O custo efetivo total nasceu para consolidar, num único indicador, tudo o que o tomador paga pelo crédito. O cálculo considera o valor do crédito concedido, o número de parcelas contratadas, a taxa de juros, os tributos, as tarifas, os prêmios de seguro previstos na operação e as demais despesas, e expressa o resultado como taxa percentual anual.

A exigência de divulgação veio com a Resolução CMN 3.517/2007, atualmente revogada e substituída pela Resolução CMN 4.881/2020, mantida a obrigação de informar previamente o CET ao tomador. Há uma obrigação acessória que costuma passar despercebida: a instituição deve assegurar que o tomador conheça, na data da contratação, os fluxos considerados no cálculo, e a planilha utilizada deve ser fornecida a ele, com os fluxos explicitados e os parâmetros de remuneração indicados.

Esse último ponto tem valor processual. A planilha de composição do CET é documento que a instituição deveria ter entregue e que pode ser requerido. Sua ausência não decide a causa, mas dificulta que se sustente que o tomador foi previamente informado do custo.

Por onde o custo entra sem passar pela cláusula de juros

Os encargos financiados são o caminho mais comum. Tarifa de cadastro, IOF, registro de contrato, avaliação do bem e prêmio de seguro raramente são pagos à vista. São somados ao valor do crédito e financiados junto com ele, o que produz dois efeitos combinados.

O primeiro é que o cliente recebe menos do que o contrato diz que ele financiou. Num recorte ilustrativo, R$ 30.000,00 liberados com R$ 2.480,00 de encargos financiados resultam em R$ 32.480,00 de valor financiado. O segundo efeito é que esses R$ 2.480,00 passam a render juros durante todo o prazo, ao mesmo custo do principal.

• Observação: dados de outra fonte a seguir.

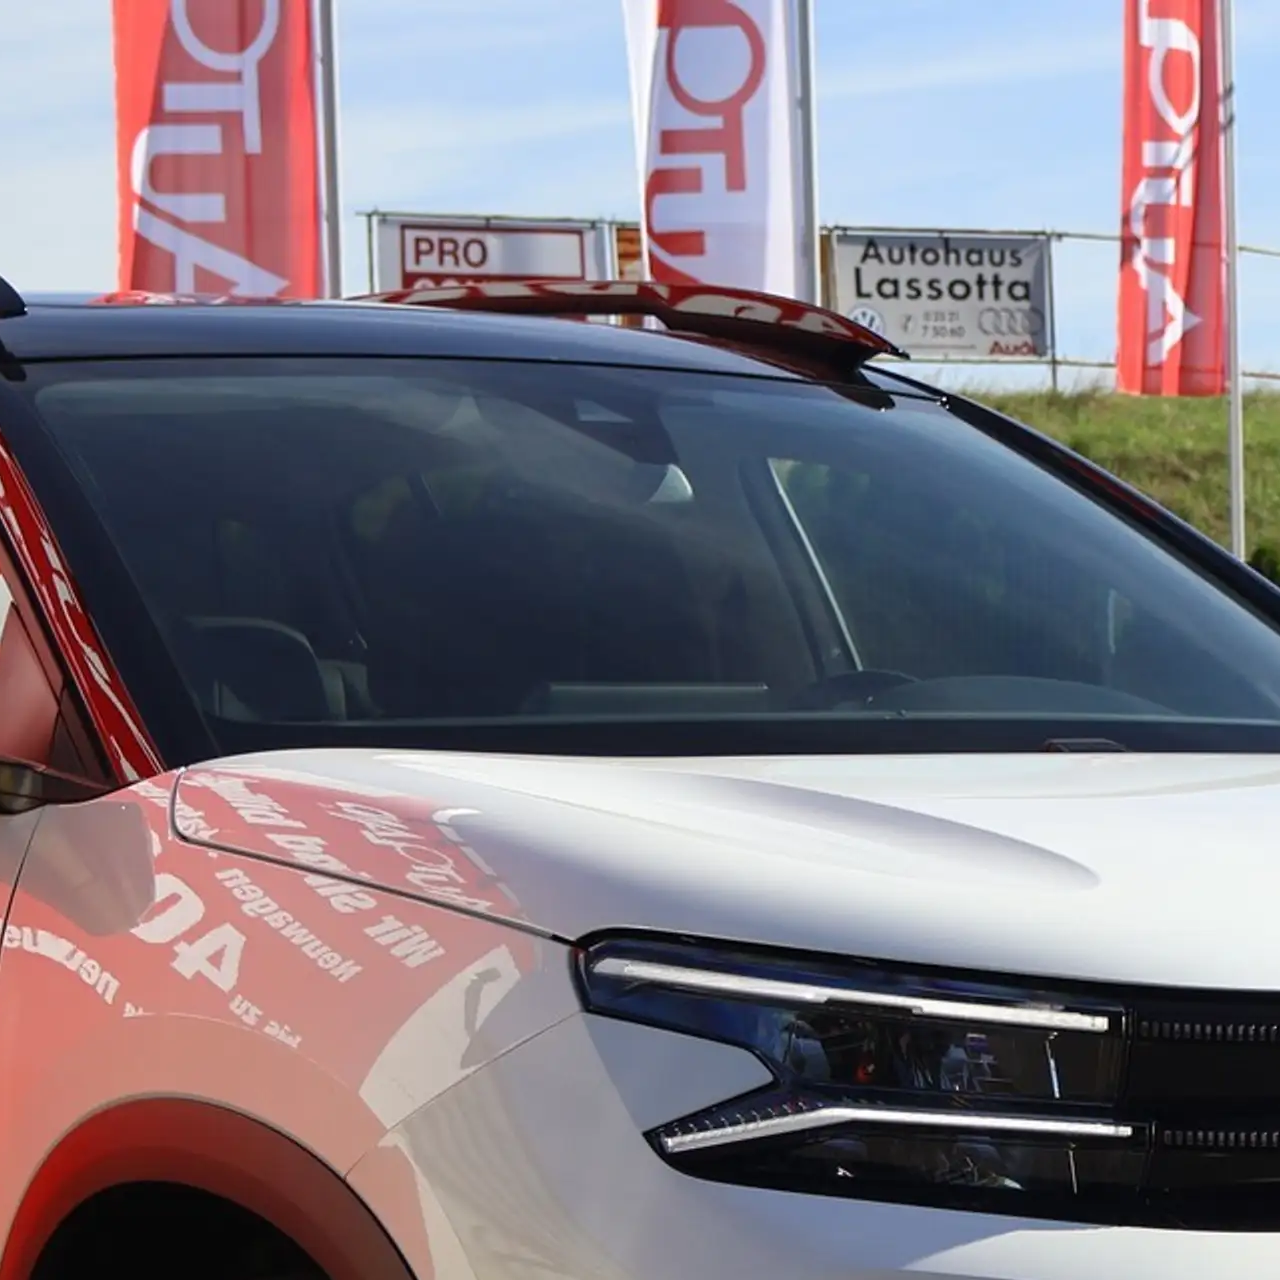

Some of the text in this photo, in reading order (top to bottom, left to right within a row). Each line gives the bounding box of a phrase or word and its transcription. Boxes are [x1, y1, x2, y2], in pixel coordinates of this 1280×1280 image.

[413, 237, 488, 268] PRO
[860, 237, 1023, 268] Autohaus
[854, 267, 1031, 302] Lassotta

Nada disso altera o número escrito na cláusula de juros. A taxa permanece a mesma, e o custo efetivo sobe. É por isso que a comparação isolada da taxa contratual com a média de mercado divulgada pelo Banco Central diz pouco sobre o que aquela operação custou.

Como a apuração se faz

O exame técnico dispensa premissa e trabalha com dois lados. De um lado, o que efetivamente saiu do banco para o cliente, na data em que saiu. De outro, o conjunto das parcelas, com seus valores e vencimentos. A taxa que iguala esses dois fluxos é o custo efetivo daquela operação, apurado sobre fatos e não sobre cláusula.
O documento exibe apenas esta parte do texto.